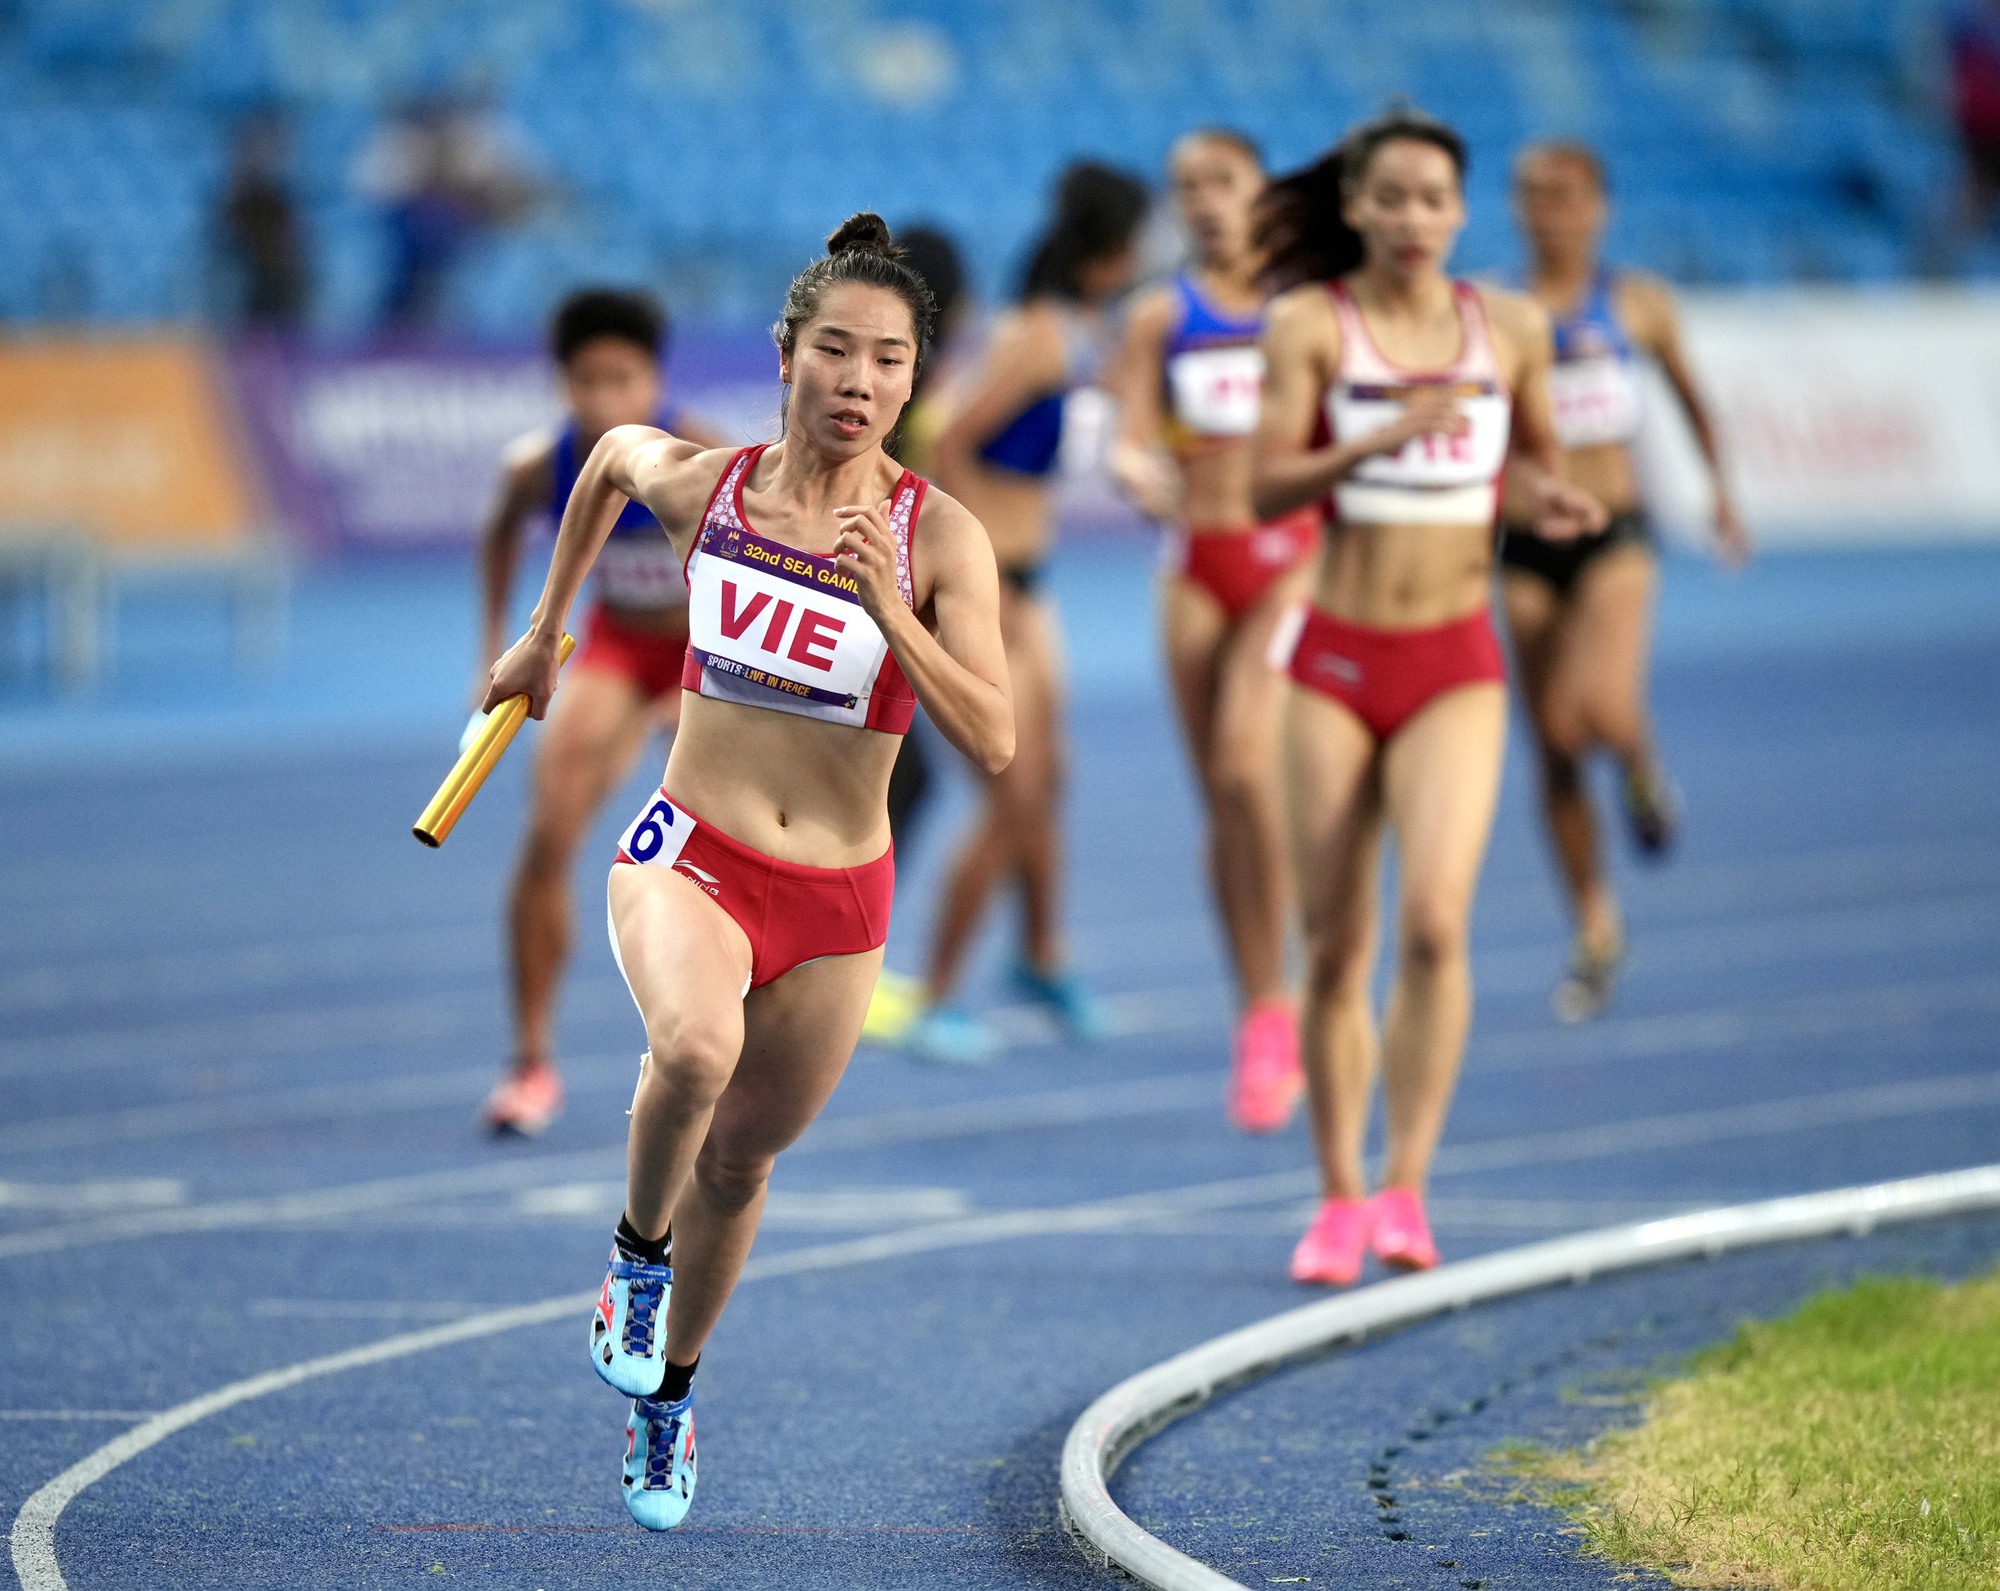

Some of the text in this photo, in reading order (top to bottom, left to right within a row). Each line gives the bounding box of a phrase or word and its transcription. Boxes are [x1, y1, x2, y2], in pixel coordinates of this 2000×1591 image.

[743, 543, 781, 566] 32nd
[782, 557, 813, 578] SEA
[720, 579, 847, 673] VIE
[766, 675, 779, 688] IN
[779, 678, 811, 698] PEACE
[629, 800, 674, 863] 6
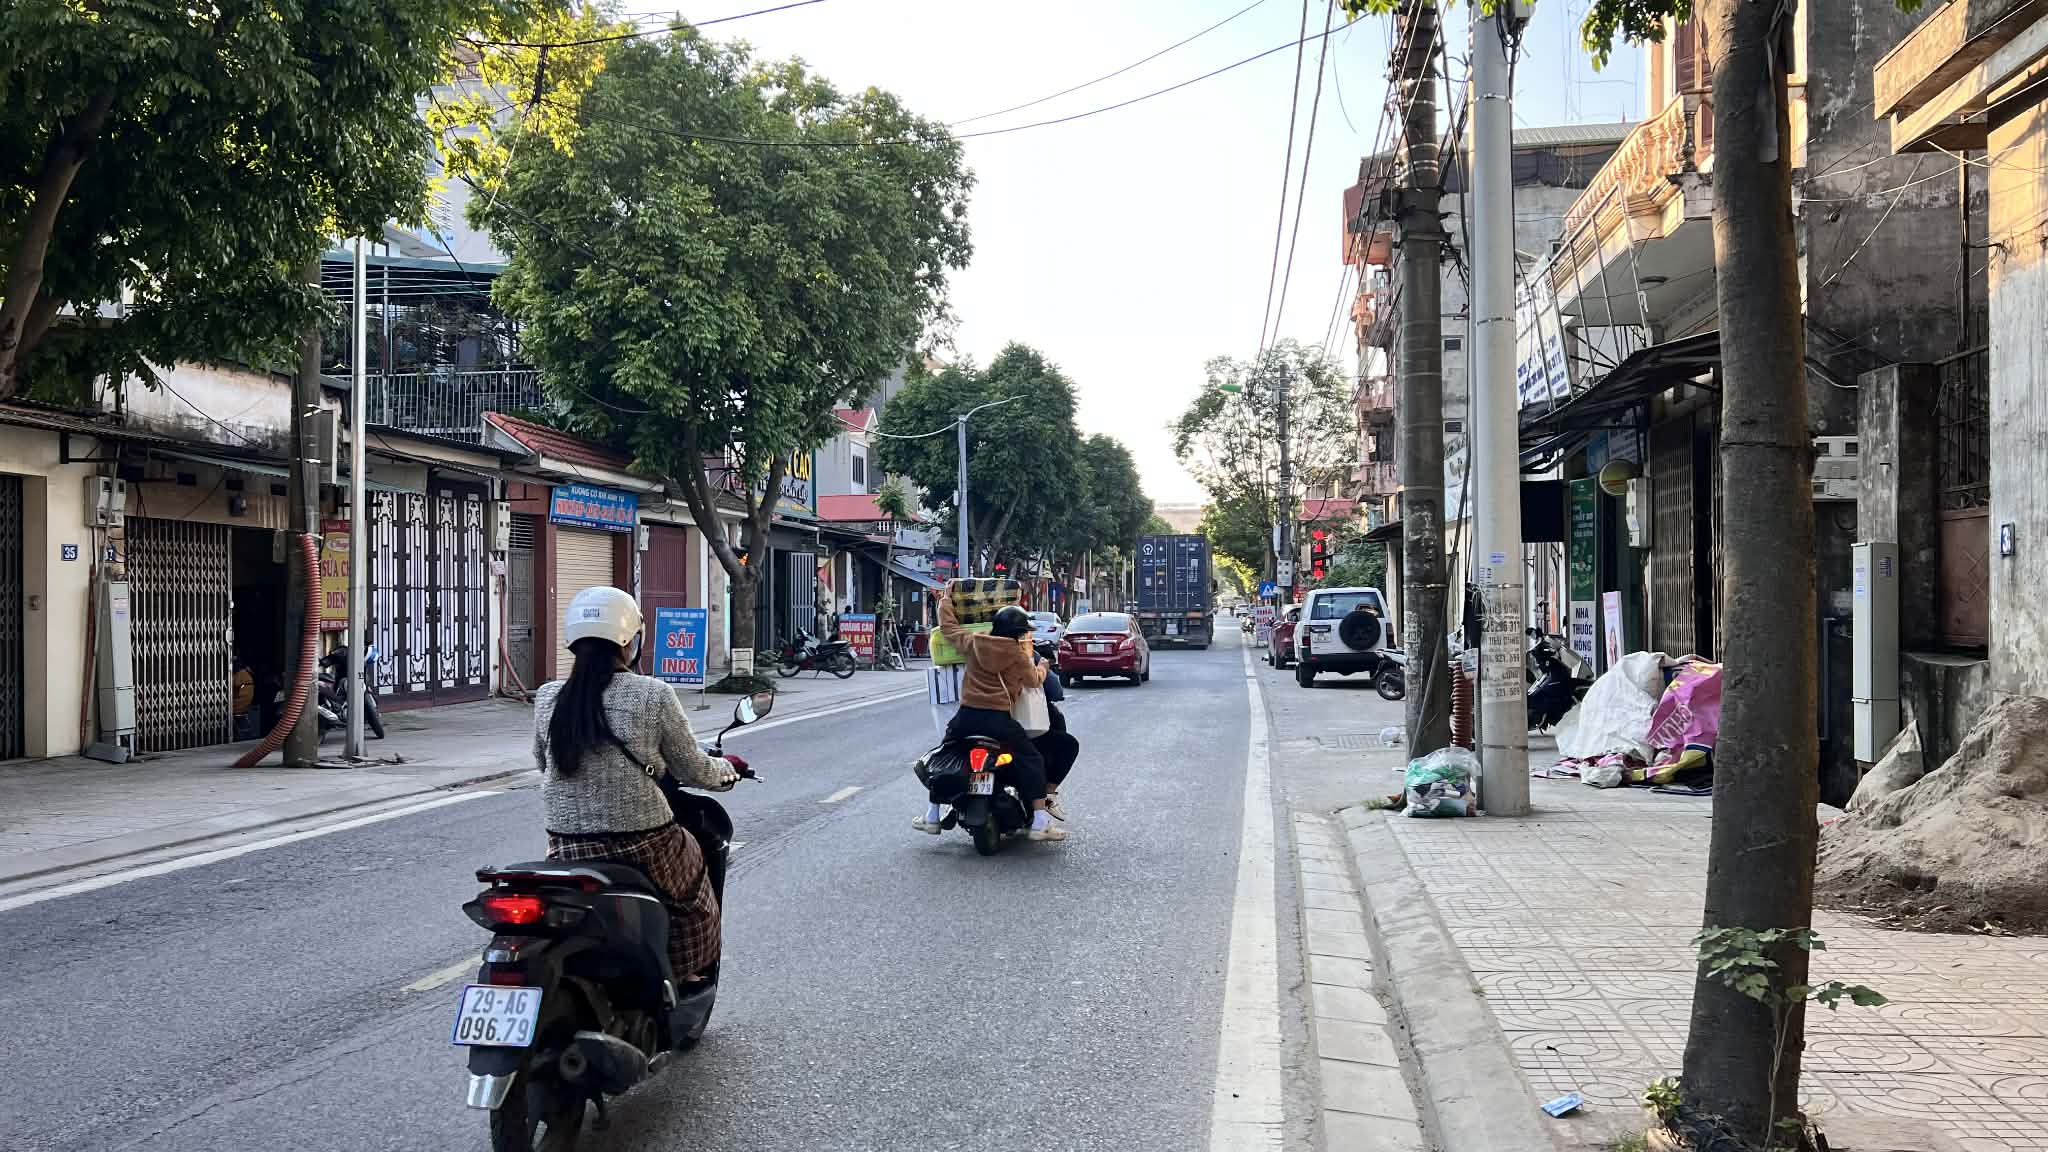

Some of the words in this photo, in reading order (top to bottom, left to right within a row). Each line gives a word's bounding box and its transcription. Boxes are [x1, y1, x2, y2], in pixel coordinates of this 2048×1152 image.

[64, 546, 76, 559] 35
[666, 627, 696, 649] SẮT
[661, 657, 697, 674] INOX
[471, 989, 529, 1015] 29-AG
[459, 1015, 530, 1043] 096.79
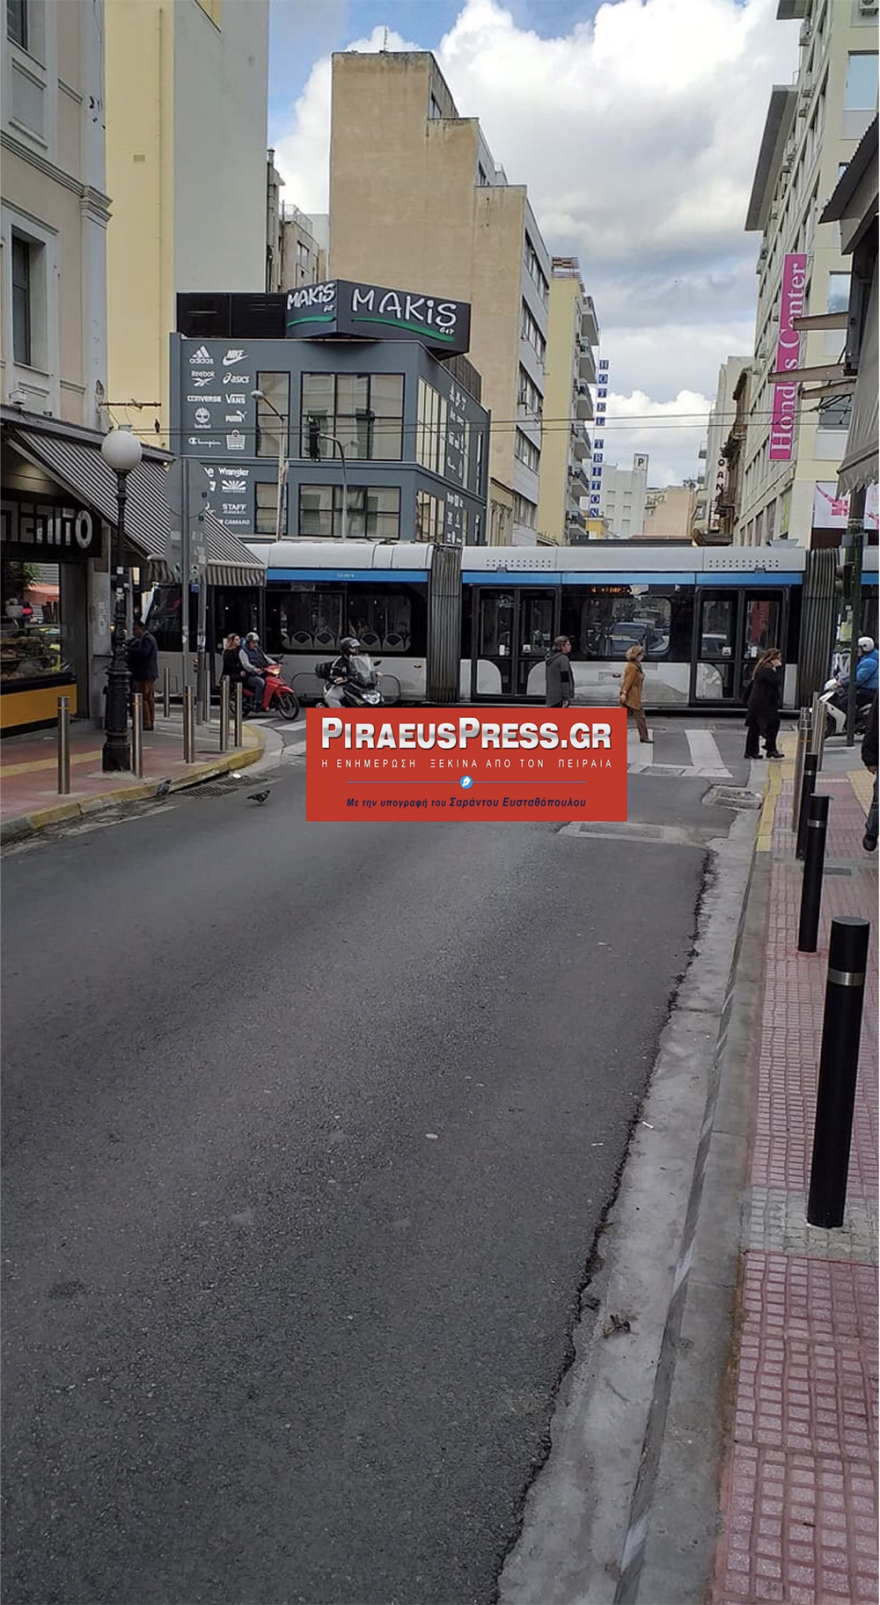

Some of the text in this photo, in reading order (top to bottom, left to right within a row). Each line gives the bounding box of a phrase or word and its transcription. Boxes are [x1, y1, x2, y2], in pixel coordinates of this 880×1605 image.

******

Task instructions: Go through the entries above and output them exactly, without pictures.

Output of the exercise:
Some of the text in this photo, in reading order (top to bottom, left to right within a row). Each line gives the bounding box of a phrase or word and its transcription. Boxes are [x1, y1, x2, y2], in pixel coordinates of this 2000×1591 image.

[743, 543, 781, 566] 32nd
[782, 557, 813, 578] SEA
[720, 579, 847, 673] VIE
[766, 675, 779, 688] IN
[779, 678, 811, 698] PEACE
[629, 800, 674, 863] 6

Some of the words in this photo, in reading order (top to bottom, left to right within a row). Each line gives a word's bounding box and its transcription. Boxes are [x1, y1, x2, y2], in pixel coordinates of this 2048×1152 image.

[64, 546, 76, 559] 35
[666, 627, 696, 649] SẮT
[661, 657, 697, 674] INOX
[471, 989, 529, 1015] 29-AG
[459, 1015, 530, 1043] 096.79

Some of the text in this photo, in reading order (top to bottom, left to right within a row). Each line gives the bounding box of a phrase or word and its transcription. Boxes are [x1, y1, x2, y2], in pixel coordinates of this 880×1605 image.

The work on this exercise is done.